Phrase grounding data:
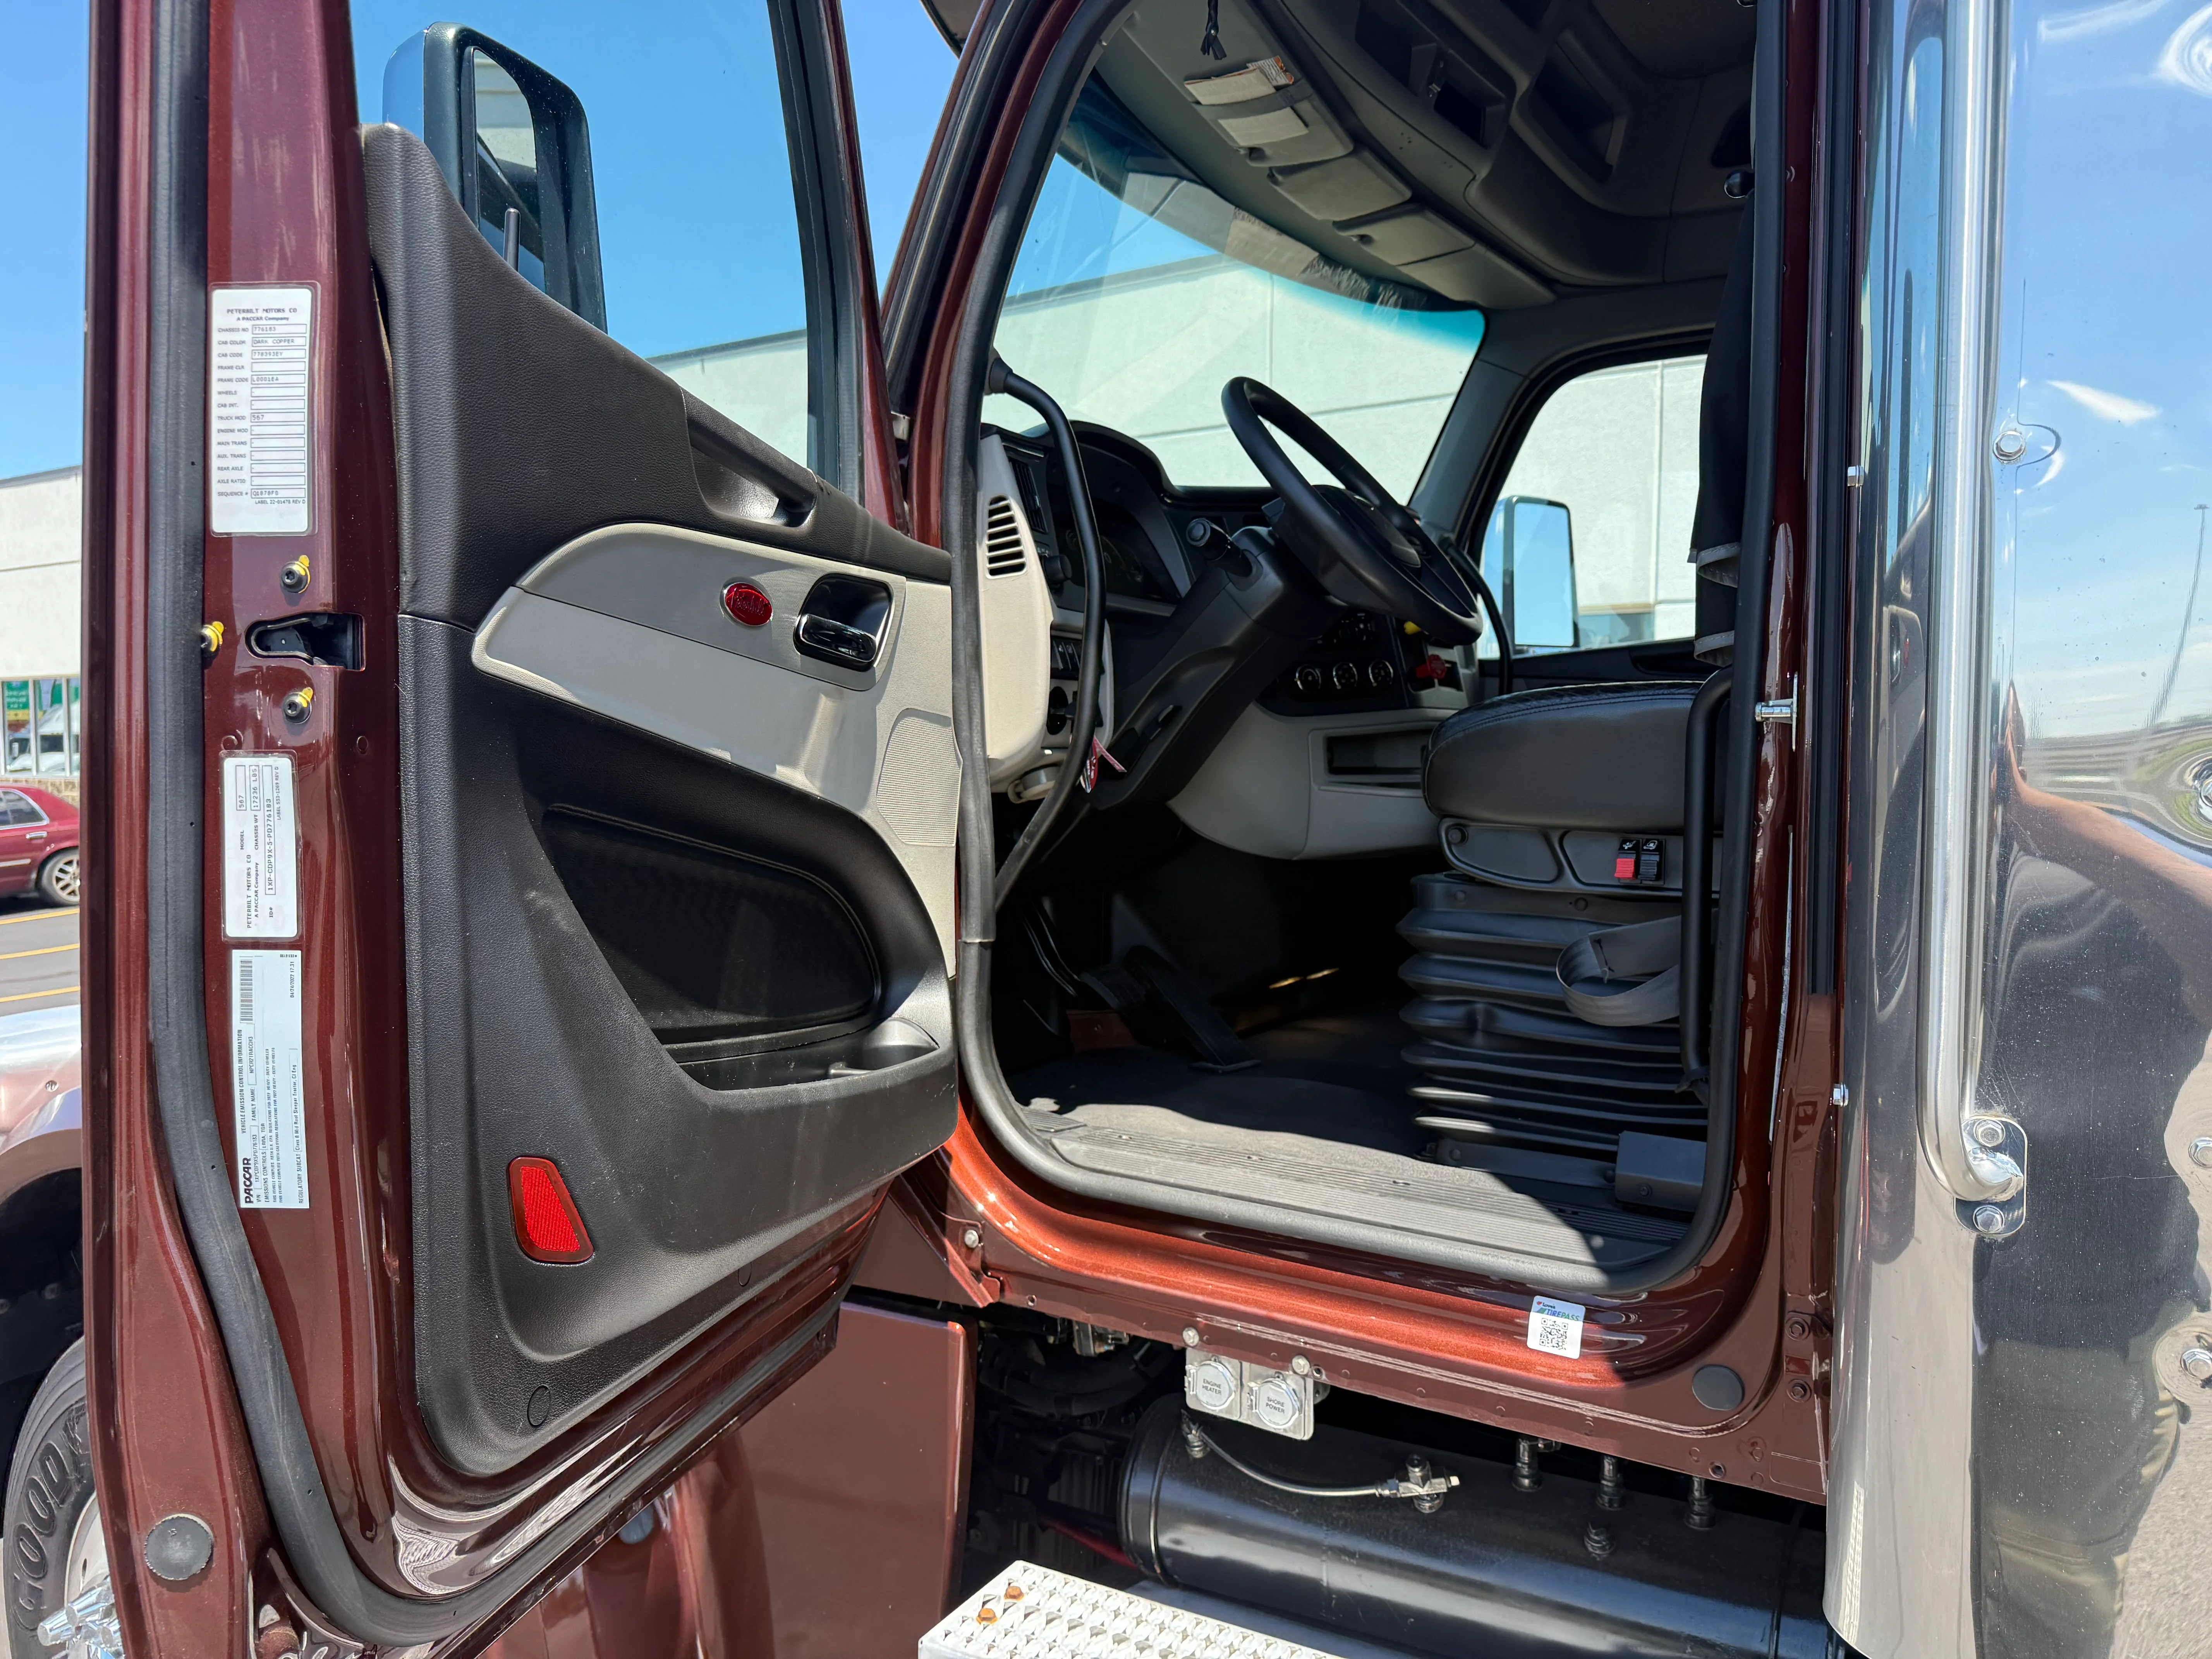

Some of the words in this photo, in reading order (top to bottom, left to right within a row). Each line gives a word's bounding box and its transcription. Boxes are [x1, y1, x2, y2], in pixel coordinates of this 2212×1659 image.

[254, 814, 258, 823] WT
[246, 855, 251, 863] CO
[242, 1158, 254, 1204] PACCAR
[1547, 1309, 1580, 1321] TIREPASS
[1203, 1378, 1221, 1389] ENGINE
[1202, 1385, 1222, 1395] HEATER
[1267, 1396, 1285, 1407] SHORE
[1266, 1402, 1285, 1413] POWER
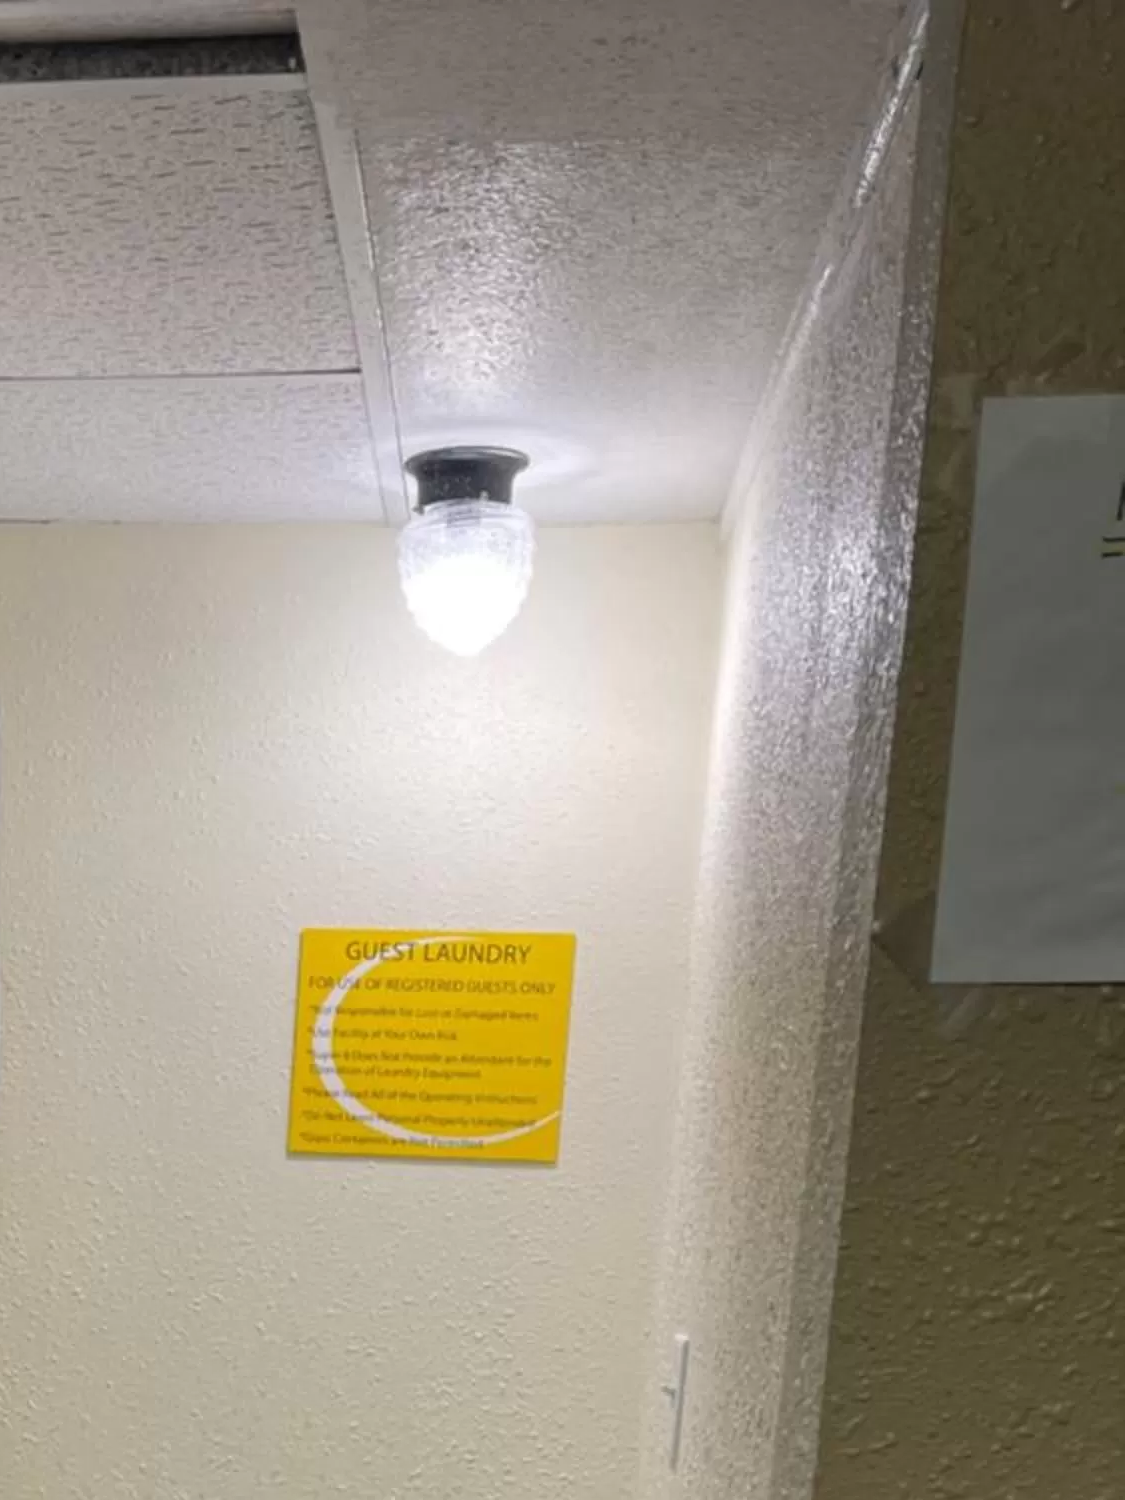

# EXERCISE
Please repeat each record exactly and keep every picture out of the copy.

# EXERCISE RESPONSE
Some of the words in this photo, in reading order (top to bottom, left to right within a row). Each line gives a word's bounding box and its transcription. Boxes are [x1, y1, x2, y2], in pixel coordinates of this 2212×1659 image.

[254, 814, 258, 823] WT
[246, 855, 251, 863] CO
[242, 1158, 254, 1204] PACCAR
[1547, 1309, 1580, 1321] TIREPASS
[1203, 1378, 1221, 1389] ENGINE
[1202, 1385, 1222, 1395] HEATER
[1267, 1396, 1285, 1407] SHORE
[1266, 1402, 1285, 1413] POWER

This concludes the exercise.